What you will do
All of the data should be restated word for word, with the pictures omitted.

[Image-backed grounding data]

==*==

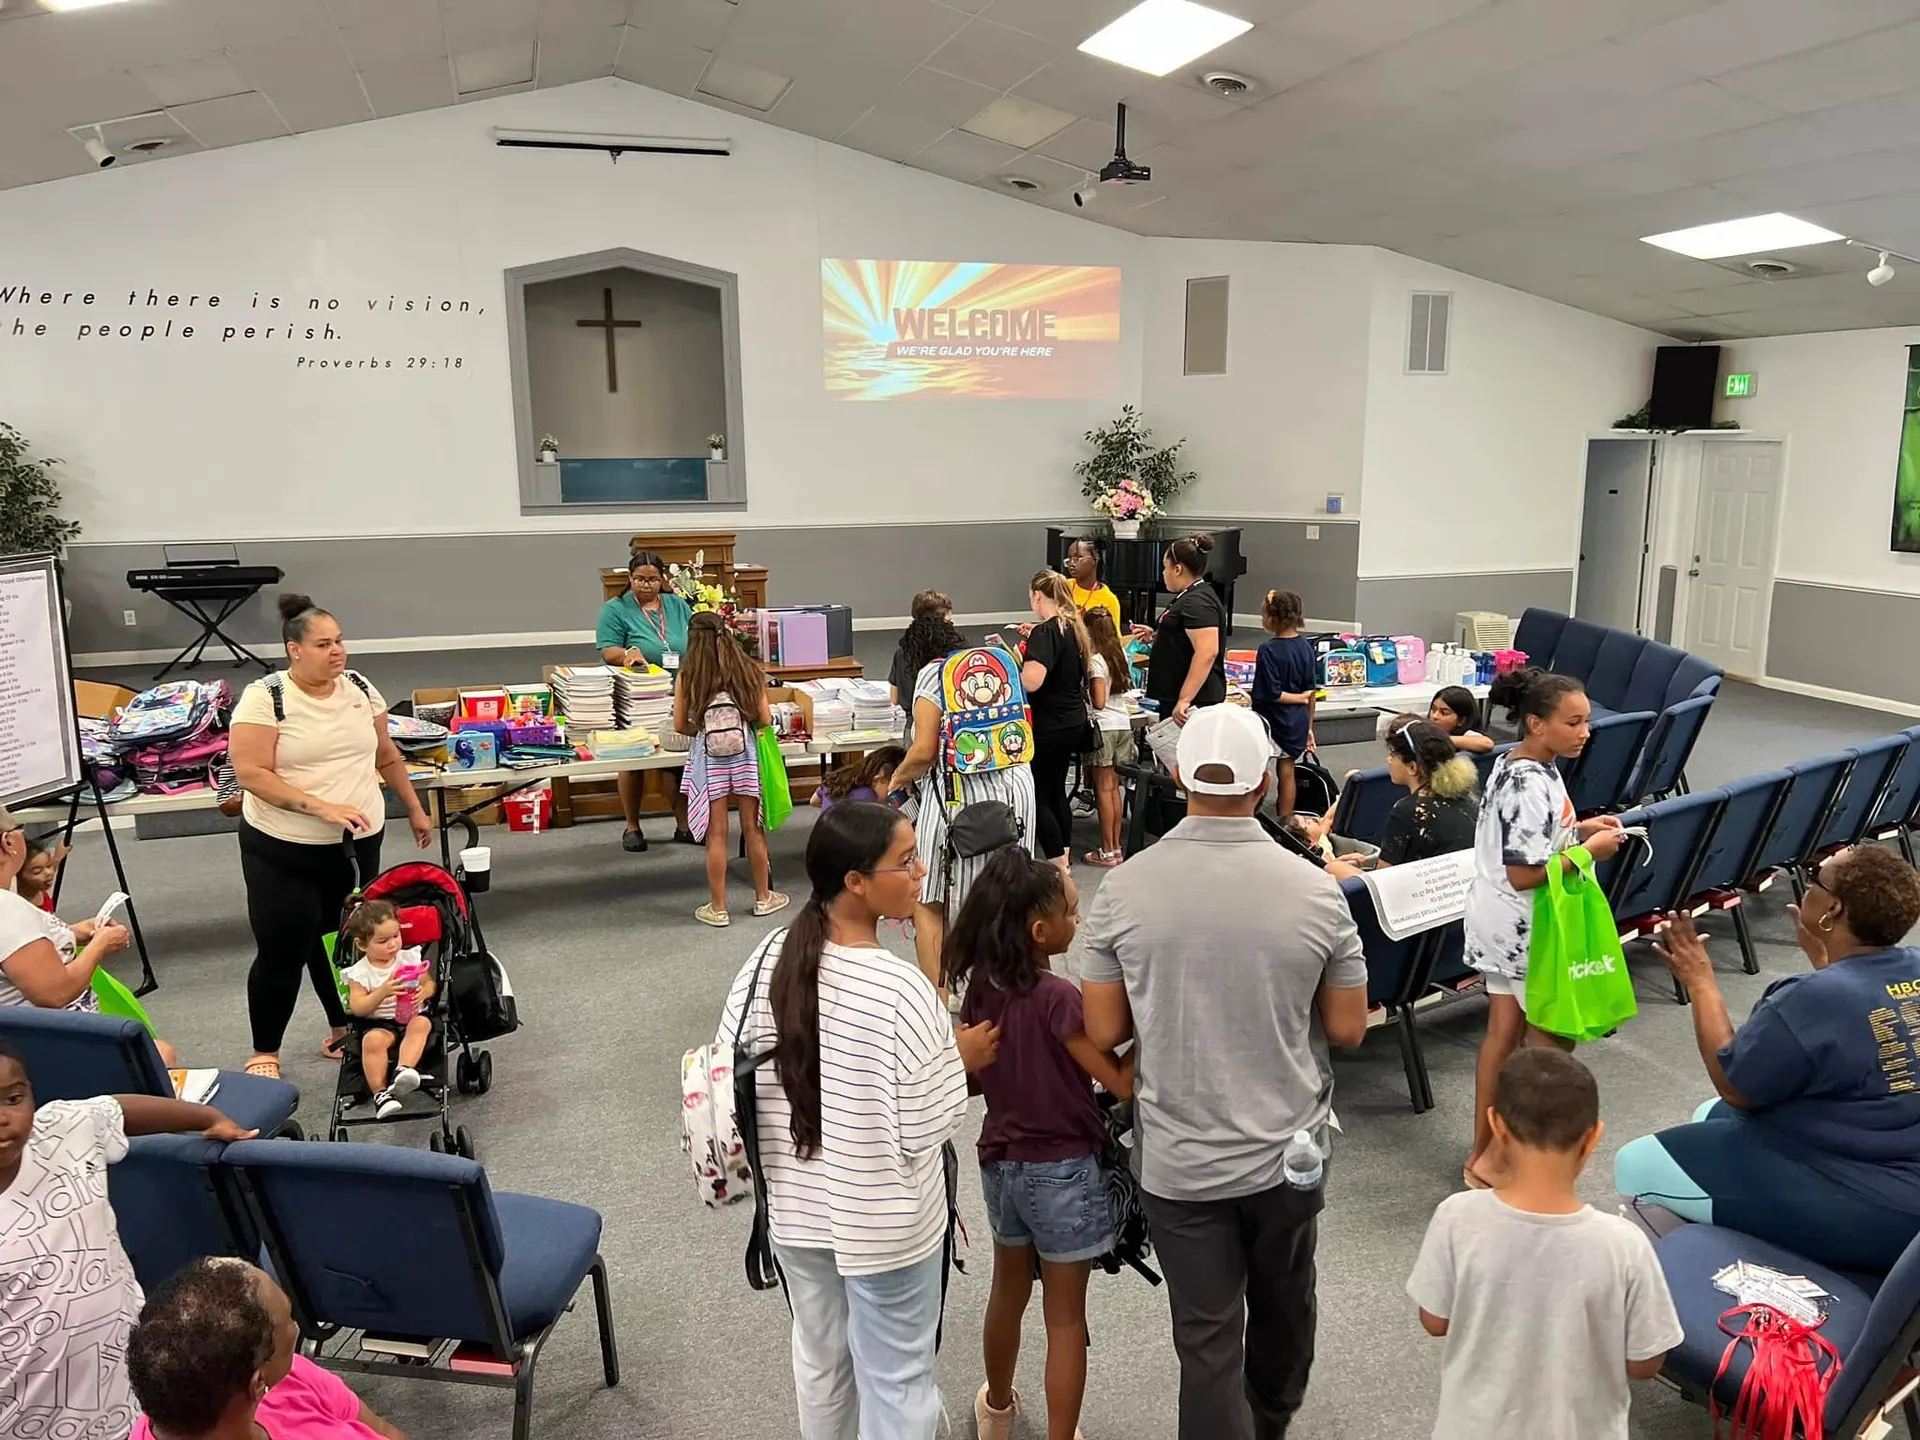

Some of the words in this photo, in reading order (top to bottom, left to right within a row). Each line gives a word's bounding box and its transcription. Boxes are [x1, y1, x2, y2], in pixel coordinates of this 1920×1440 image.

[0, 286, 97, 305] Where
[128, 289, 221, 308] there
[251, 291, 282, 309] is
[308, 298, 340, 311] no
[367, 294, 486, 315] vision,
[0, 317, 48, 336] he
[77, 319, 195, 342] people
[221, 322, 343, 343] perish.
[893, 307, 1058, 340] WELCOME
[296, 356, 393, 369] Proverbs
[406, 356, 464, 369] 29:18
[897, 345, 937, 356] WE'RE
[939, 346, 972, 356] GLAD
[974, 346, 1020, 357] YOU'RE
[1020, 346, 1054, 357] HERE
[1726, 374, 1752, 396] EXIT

==*==

Task response
Some of the words in this photo, in reading order (top to bottom, left to right within a row). Each line gives a word's bounding box and its transcription. Boxes are [x1, y1, x2, y2], in pixel coordinates of this 1920×1440 image.

[0, 286, 97, 305] Where
[128, 289, 221, 308] there
[251, 291, 282, 309] is
[308, 298, 340, 311] no
[367, 294, 486, 315] vision,
[0, 317, 48, 336] he
[77, 319, 195, 342] people
[221, 322, 343, 343] perish.
[893, 307, 1058, 340] WELCOME
[296, 356, 393, 369] Proverbs
[406, 356, 464, 369] 29:18
[897, 345, 937, 356] WE'RE
[939, 346, 972, 356] GLAD
[974, 346, 1020, 357] YOU'RE
[1020, 346, 1054, 357] HERE
[1726, 374, 1752, 396] EXIT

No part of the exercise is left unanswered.